In his short story “The Trouble,” the American Catholic writer J. F. Powers (1917–1999) doesn’t observe the new First Commandment of Fiction. Rather, he weaves between black and white lanes. By imagining the particularities of a Catholic African-American family, he thereby makes tangible the universality of the faith.
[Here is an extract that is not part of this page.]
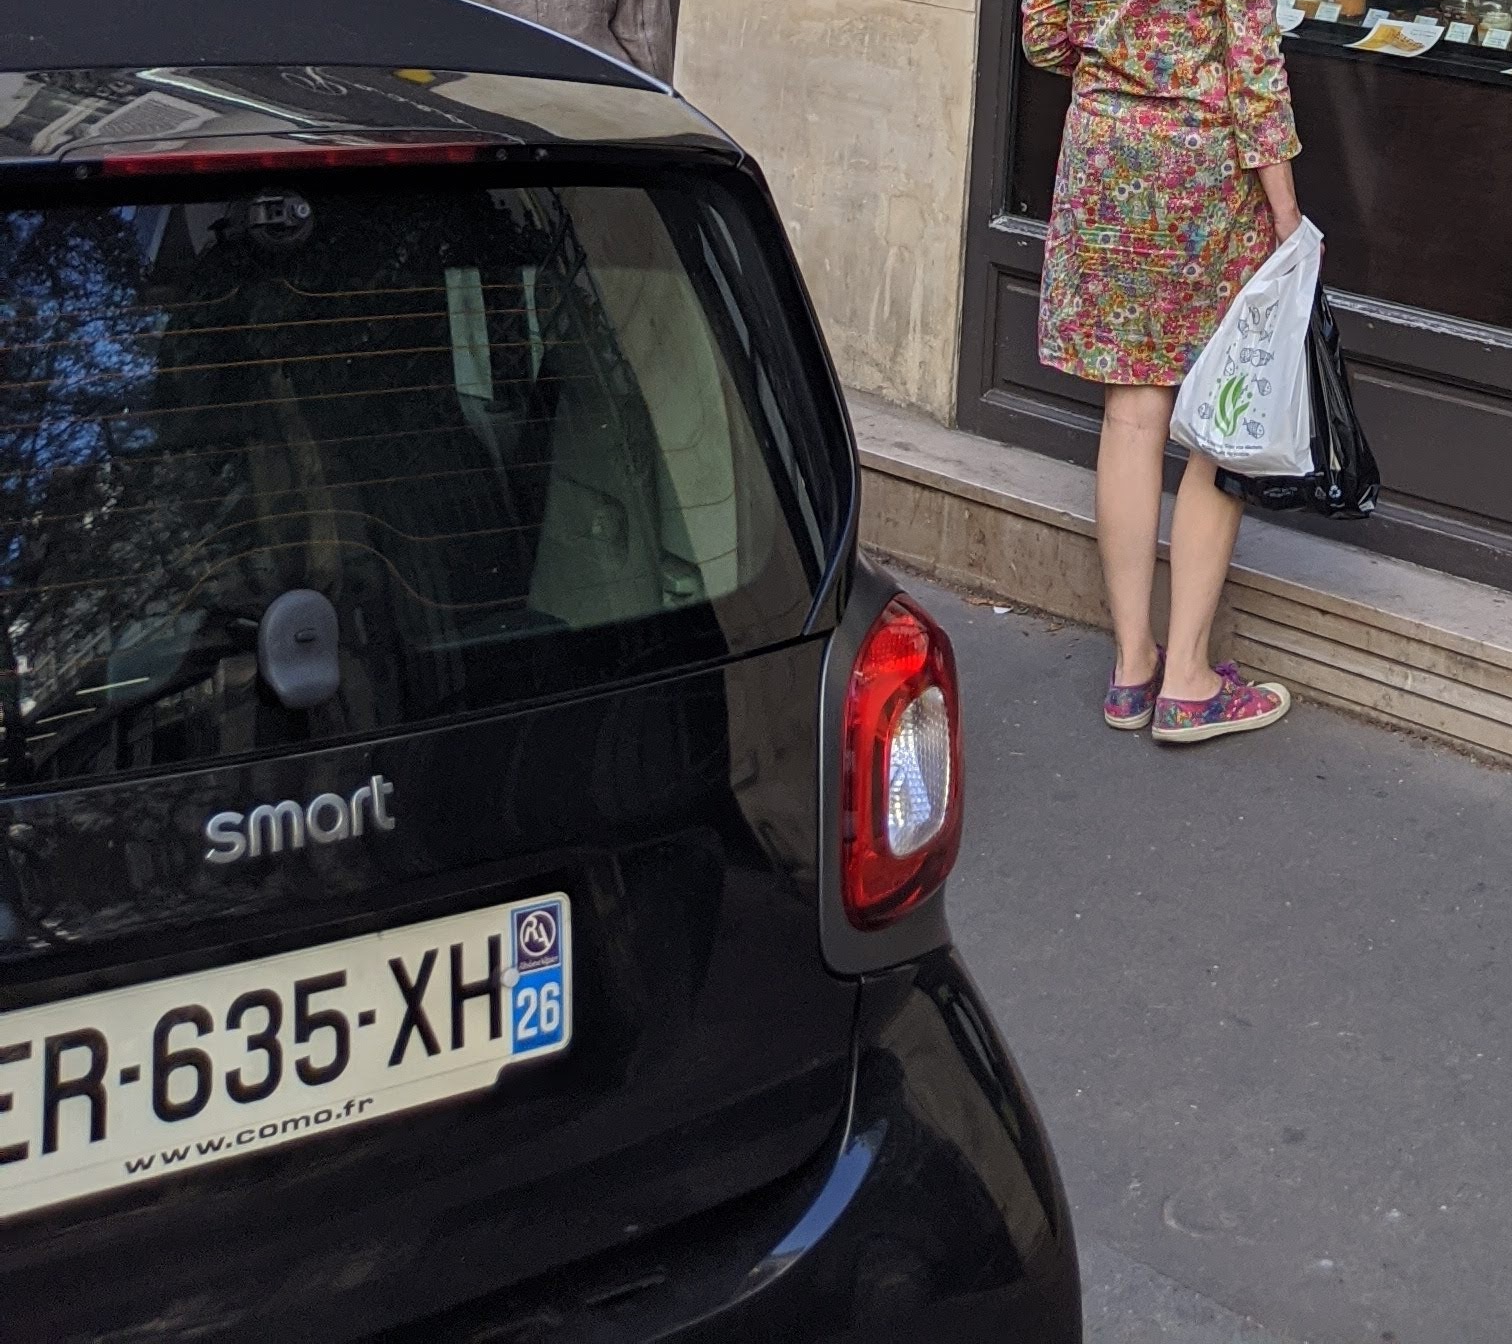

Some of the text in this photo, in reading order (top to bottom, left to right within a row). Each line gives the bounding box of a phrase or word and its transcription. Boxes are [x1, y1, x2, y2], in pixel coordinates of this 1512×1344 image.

The story about separations of race reminds all readers of what Flannery O’Connor calls our “essential disfigurement.” At the same time, Powers eschews cheap platitudes about “unity” in order to dignify the particular sufferings of his fellow Catholics. 

“The Trouble” depicts an urban race riot. The young narrator, a black Catholic child, watches the riot from the window of his apartment with his sister. They long to “see some whites get killed for a change.” But then the narrator’s mama, caught up in the mobs on her way home from work, is carried inside. One of her bones “had poked through the flesh . . . all bloody like a sharp stick, and something terrible was wrong with her chest.” “Old Gramma” mutters French prayers (“re du Christ, priez pour nous, Secours des chrétiens, priez”). When they bring Mama in, a bespectacled black man cites a poem by Catholic convert and former Marxist Claude McKay. “If we must die let it not be like hogs hunted and penned in an inglorious spot,” he cries, rallying his race to organize and fight the thing to a finish. 

As Mama lies dying, the narrator, still caught up in McKay’s call to “meet the common foe,” looks out the window and sees the sight they’ve all been waiting for—“a white man that was fixing himself to get nice and killed.” The young man, running with a bugle, is chased by “about a million coloreds.” But as the pale enemy comes closer, the narrator finds himself pulsing with prayers for the “fool white man with the bugle to get away.”

His “Old Gramma” ends up saving the bugler, sneaking him into their apartment. This gives the narrator  “a funny idea”:

I told myself the trouble is that somebody gets cheated or insulted or killed and everybody else tries to make it come out even by cheating and insulting and killing the cheaters and the insulters and killers. Only they never do. I did not think they ever would.

Powers prevents the story from becoming a paltry parable. The white man, who says he hates to give the family “any trouble,” feigns innocence. He’d just been passing by, he says, when “a hundred nig—when he was attacked.” His cut-short racist rant is only part of the trouble. He also whitewashes what actually happened. As the narrator had noted from the window earlier, the bugler had been one of “three dozen whites” who were “chasing two coloreds” down the alleyway. 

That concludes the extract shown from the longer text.